Day in the life: Leading a GP federation
Head of multi-practice provider GP Care Dr Phil Yates describes a typical day running the network
Profile: Dr Phil Yates
Role: Chair, GP Care, and a GP partner
Days worked per week: Five days, half at GP Care and the other half in clinical sessions
The alarm goes, but I may have been up in the night writing articles or thinking about work we’re trying to develop. I love the silence of those early hours and the uninterrupted chance to concentrate.
I’m in the office and have some quiet time before everyone arrives. I catch up with the latest news from websites and blogs – Pulse, King’s Fund and others. I forward interesting articles to others in the team. GP Care is a federation of 100 GP practices that have pooled resources and created a provider company. I was appointed chair in 2006.
Colleagues arrive. Whatever the level of their work, it’s important they know they’re valued and, as chair, I make a point of speaking to them if I can. I want empowered colleagues, not a hierarchy.
Today it’s the senior management team meeting with my CEO, director of business development, director of operations and HR director. We’re discussing four AQP contracts we’ve won – morale is high because of the wins, but delivery at the quality we aspire to will be a challenge. I rely heavily on the strength of others.
For me this teamwork is stimulating, having spent more than 30 years in one-to-one consultations.
I chat to my CEO and finalise the agenda for our monthly board meeting. The non-executive members need assurance about how a service will be delivered. Our strategy in the 2014/15 business plan goes to the board. We’ve refined it over three months, so hopefully it will be signed off.

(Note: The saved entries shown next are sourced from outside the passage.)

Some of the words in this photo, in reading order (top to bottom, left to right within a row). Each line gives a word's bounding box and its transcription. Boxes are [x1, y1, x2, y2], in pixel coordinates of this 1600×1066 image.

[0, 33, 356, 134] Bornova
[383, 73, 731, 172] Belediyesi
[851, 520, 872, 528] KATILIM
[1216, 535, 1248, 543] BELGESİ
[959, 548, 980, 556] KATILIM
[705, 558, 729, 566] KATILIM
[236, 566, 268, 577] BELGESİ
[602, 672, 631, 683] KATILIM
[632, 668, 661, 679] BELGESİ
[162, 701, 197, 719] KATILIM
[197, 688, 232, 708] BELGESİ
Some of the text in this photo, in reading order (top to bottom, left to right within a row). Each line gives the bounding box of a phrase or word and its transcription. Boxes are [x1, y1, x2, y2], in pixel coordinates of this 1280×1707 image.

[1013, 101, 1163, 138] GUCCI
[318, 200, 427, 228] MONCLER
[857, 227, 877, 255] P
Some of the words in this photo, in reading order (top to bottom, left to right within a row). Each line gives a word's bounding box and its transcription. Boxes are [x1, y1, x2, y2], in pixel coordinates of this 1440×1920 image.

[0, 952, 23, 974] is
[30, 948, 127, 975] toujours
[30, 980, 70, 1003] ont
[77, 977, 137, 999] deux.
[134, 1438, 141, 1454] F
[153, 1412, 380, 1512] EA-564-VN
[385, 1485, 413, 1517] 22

I travel to our local foundation trust. I’ve arranged to see the lead cardiologist about ‘consultant link’ – an advice line that connects GPs to specialists to help support the patient and reduce referrals. The idea is to bridge the communications gulf between specialists and generalists, and I need to ask him whether the system working well for his team.
Our out-of-hours provider (which started life as a GP co-op) has invited me to an education event. It’s great to be there, but chatting with other GPs reinforces the view that practices are under huge strain.
I work as clinical lead for CKD; my daughter had a transplant so I have a clear interest. I’m taking a session at the GP update day in two weeks and make sure I include the latest guidance.
I attack my emails. Fantastic! The expedition company has confirmed my fundraising trek in the High Andes.
For years, I have used my spare time
to volunteer on expeditions. Recently I have volunteered in the Sahara, at the top of Kilimanjaro, on the Great Wall of China, at Everest Base Camp and on the Inca Trail.
Just in time for the train. I’m speaking at a CCG symposium. Bristol, like many other cities, wants to examine its options for setting up a GP provider company like GP Care and is comparing models that work elsewhere.
I can’t help thinking that federations will be ubiquitous in general practice in the near future.
I’m home. A glass of Rioja and Question Time is all I can handle now.
I would never have taken this role when my children were young. But now my wife can see how invigorated the role has made me and is accommodating. I haven’t had time to address today’s emails and correspondence, but I’ll do them early tomorrow morning.